The solution
A safe AI mentor for inclusive local governance
The mentor helps users understand procedures, prepare civic communication, and learn safe AI habits while keeping clear limits and escalation rules.
AI is transforming public life - but not everyone is included
The issue
Before introducing the tool, look at the gaps. These are the everyday barriers that keep local civic actors from participating fully - even when the rights and procedures are clearly on their side.
What it produces
How AMSA responds
Confidence gap
Elected women and local actors want to participate more actively, but lack preparation support, clear procedures, or confidence in formal spaces.
Structured preparation: questions, respectful institutional wording, and a verification list before each session.
Information gap
Citizens and CSOs often don't know how advisory bodies, petitions, council sessions, or access-to-information procedures actually work.
Clear explanations of channels and steps, anchored in the Constitution and Organic Law 113.14, in the user's own language.
Language gap
Governance information is technical, formal, or inaccessible to people who need Arabic, Darija, Amazigh-sensitive wording, or simplified explanations.
Native Darija understanding, plain-language explanations, and respectful institutional Arabic when needed.
Trust and safety gap
Without safeguards, AI can generate misinformation, expose private data, or produce answers that sound official but were never verified.
Source-backed answers, verification prompts, no personal data collection, and explicit escalation when expertise is required.
Grounded in trusted civic references, with clear limits
Responsible-use promise
AMSA is designed for civic and procedural guidance. It helps users understand, prepare, and verify. It does not replace lawyers, public authorities, or official administrative decisions.
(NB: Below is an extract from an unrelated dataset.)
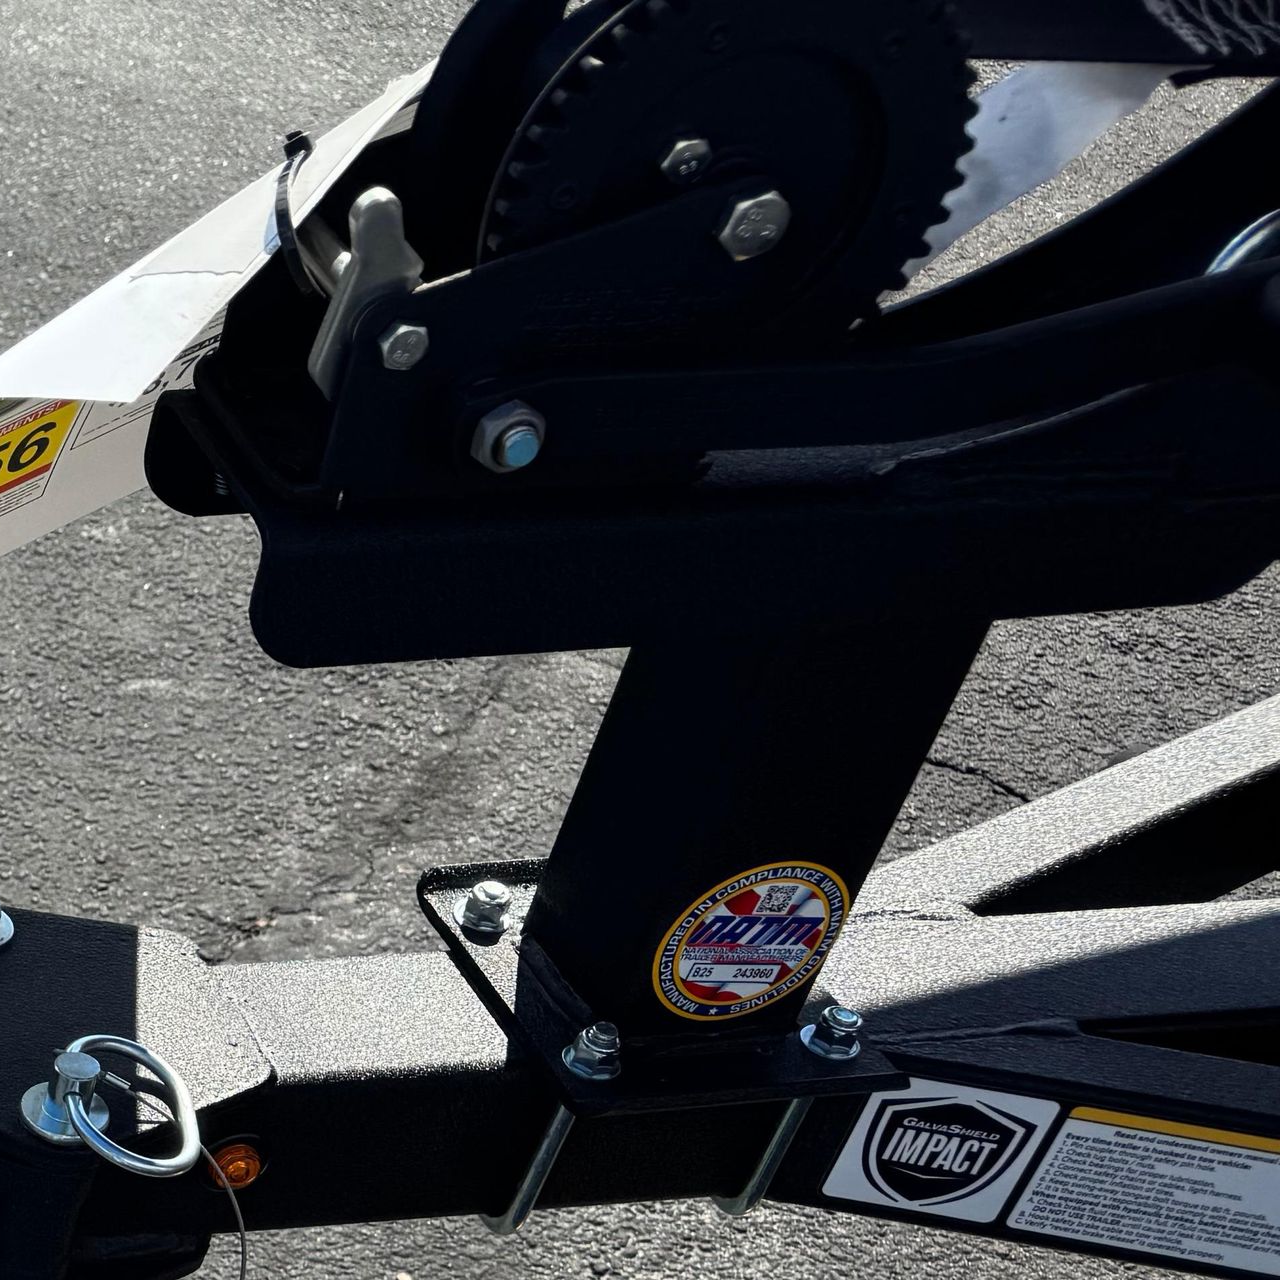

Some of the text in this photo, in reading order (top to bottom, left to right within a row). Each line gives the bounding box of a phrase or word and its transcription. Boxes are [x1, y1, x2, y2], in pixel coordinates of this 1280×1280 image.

Provide clear limits - never present uncertain answers as official decisions
Encourage source verification - every answer points to its legal basis
Protect users from unsafe sharing of personal data
Guide users toward human support when expertise or institutional verification is needed
Respect the user's language register - Darija, Arabic, French, English
Meet AMSA: your digital mentor for accountability and civic participation
Practical civic and digital guidance
AMSA combines trusted local governance content, practical AI literacy, human-centered co-design, and clear responsible-use safeguards.
AMSA provides civic and procedural guidance based on trusted sources, with clear escalation rules for cases requiring legal or institutional verification.
Understand procedures
Simplify local governance procedures, advisory bodies, petitions, and council preparation.
Prepare communication
Draft civic messages, questions for meetings, advocacy notes, and accessible explanations.
Use AI safely
Learn privacy, source verification, misinformation awareness, and limits of AI-generated answers.
Know when to escalate
Identify when to seek human expertise or institutional support - and distinguish sensitive cases that require legal verification or expert consultation.
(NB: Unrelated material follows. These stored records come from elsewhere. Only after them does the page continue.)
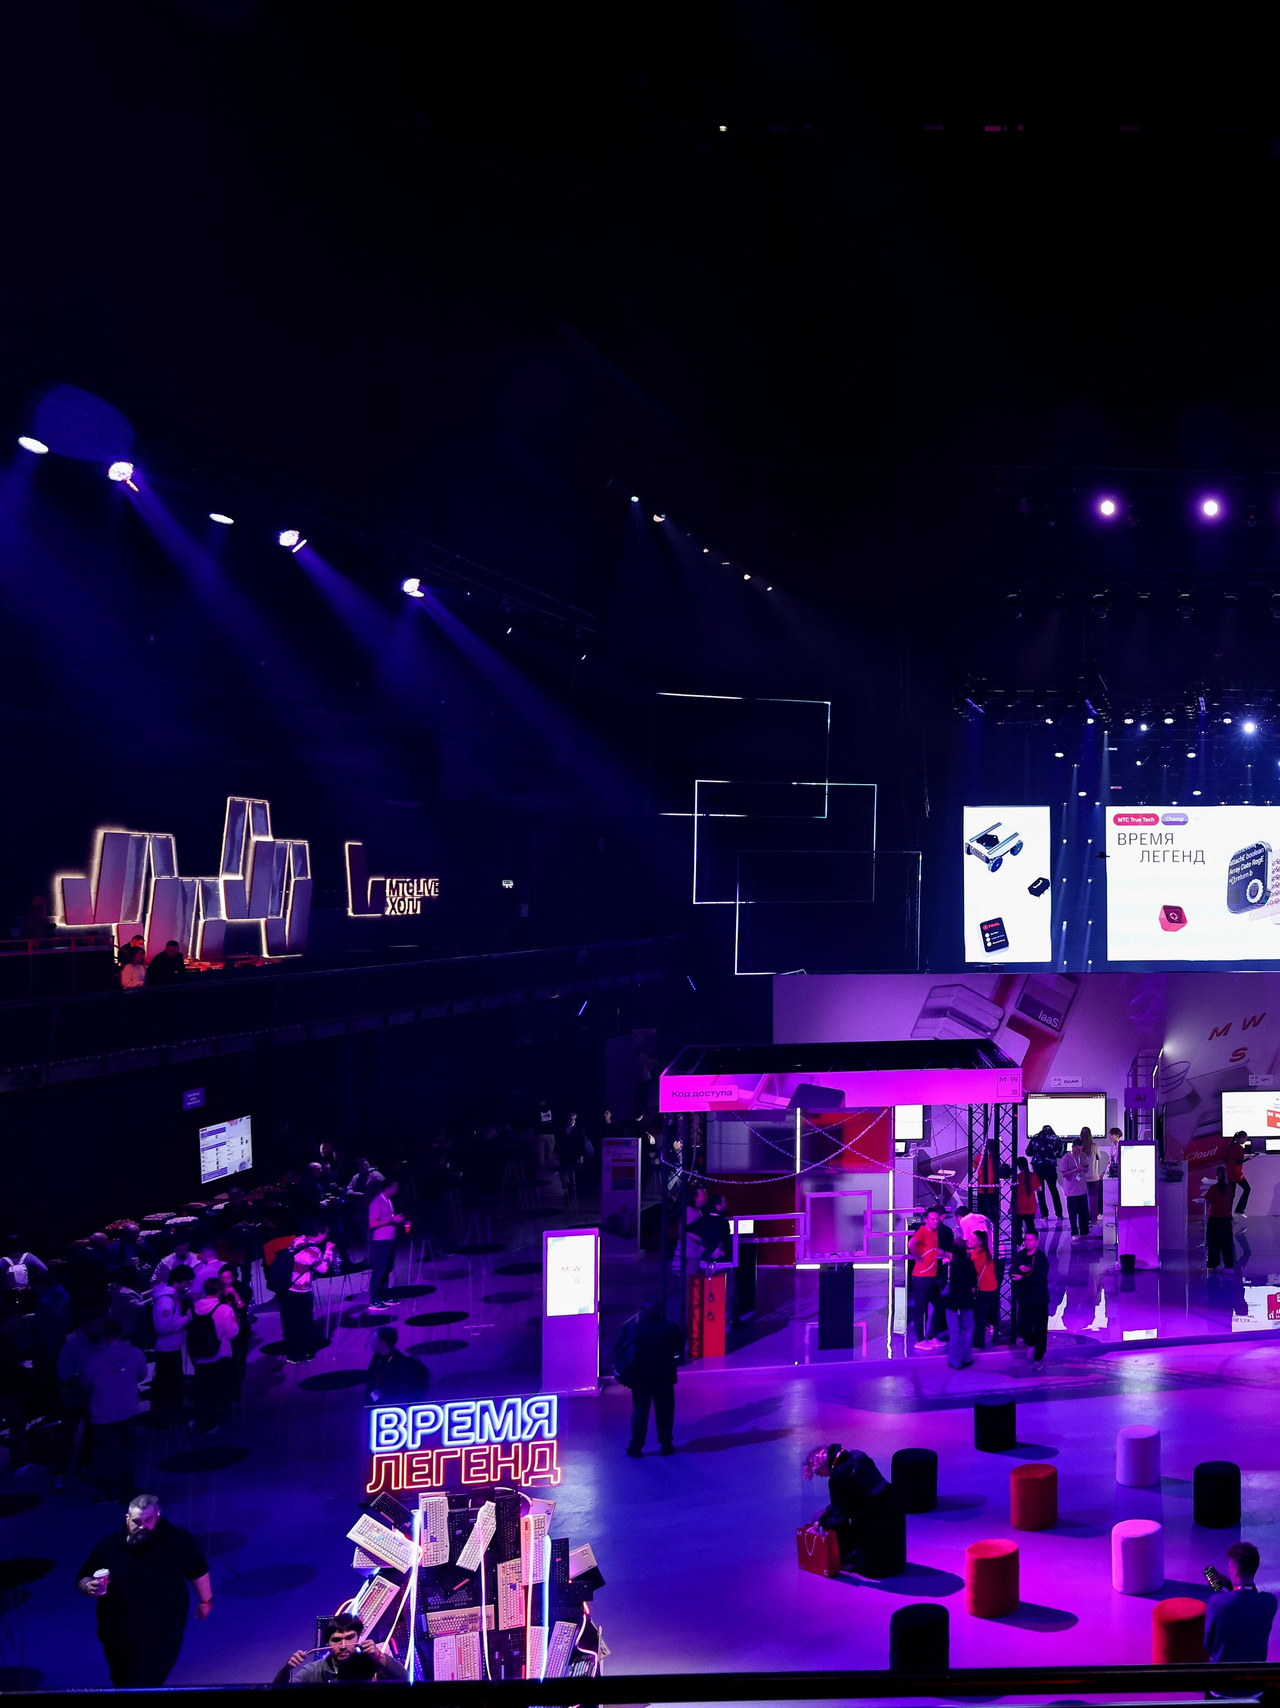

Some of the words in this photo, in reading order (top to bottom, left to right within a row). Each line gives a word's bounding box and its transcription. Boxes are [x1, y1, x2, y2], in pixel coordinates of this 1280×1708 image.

[1117, 832, 1174, 846] ВРЕМЯ
[1139, 850, 1206, 865] ЛЕГЕНД
[1038, 1010, 1060, 1028] IaaS
[671, 1090, 691, 1099] Код
[692, 1089, 733, 1099] доступа
[1133, 1093, 1147, 1103] AI
[1186, 1146, 1219, 1161] Cloud
[370, 1394, 559, 1454] ВРЕМЯ
[366, 1439, 561, 1494] ЛЕГЕНД
Grounded in Morocco’s local governance framework
Legal and civic reference base
AMSA-AI was scoped around official Moroccan civic and procedural sources already contained in the project corpus. These sources help AMSA explain participation channels, council preparation, petitions, advisory bodies, gender-sensitive planning, and access to information.
This reference base supports civic and procedural guidance only. It does not turn AMSA into a lawyer, public authority, or source of binding legal advice.
Constitution of Morocco 2011
Reference point for equality, participatory democracy, territorial governance, youth participation, and access to information.
Organic Law 113.14 on communes
Core source for commune councils, sessions, advisory mechanisms, petitions, local procedures, and citizen participation.
Organic Laws 111.14 and 112.14
Regional, prefectural, and provincial governance context for territorial collectivities beyond the commune level.
Petitions and participatory mechanisms
DGCT guides and procedural material for petitions, advisory bodies, civic participation, and public communication.
IEECAG and gender approach
Manuals and planning guides on equity, equal opportunities, gender approach, and advisory-body participation.
Constitution Article 19 and parity
The equality cornerstone: women and men hold equal civil, political, economic, social, and environmental rights, with the State committed to parity through the dedicated authority (APALD).
Gender-responsive budgeting
Gender-responsive budgeting (BSG), anchored in Organic Finance Law 130.13, frames how local plans and budgets turn equality into funded, inclusive measures.
Access to information references
Civic literacy references around the constitutional right to information and Law 31.13 in participation guidance.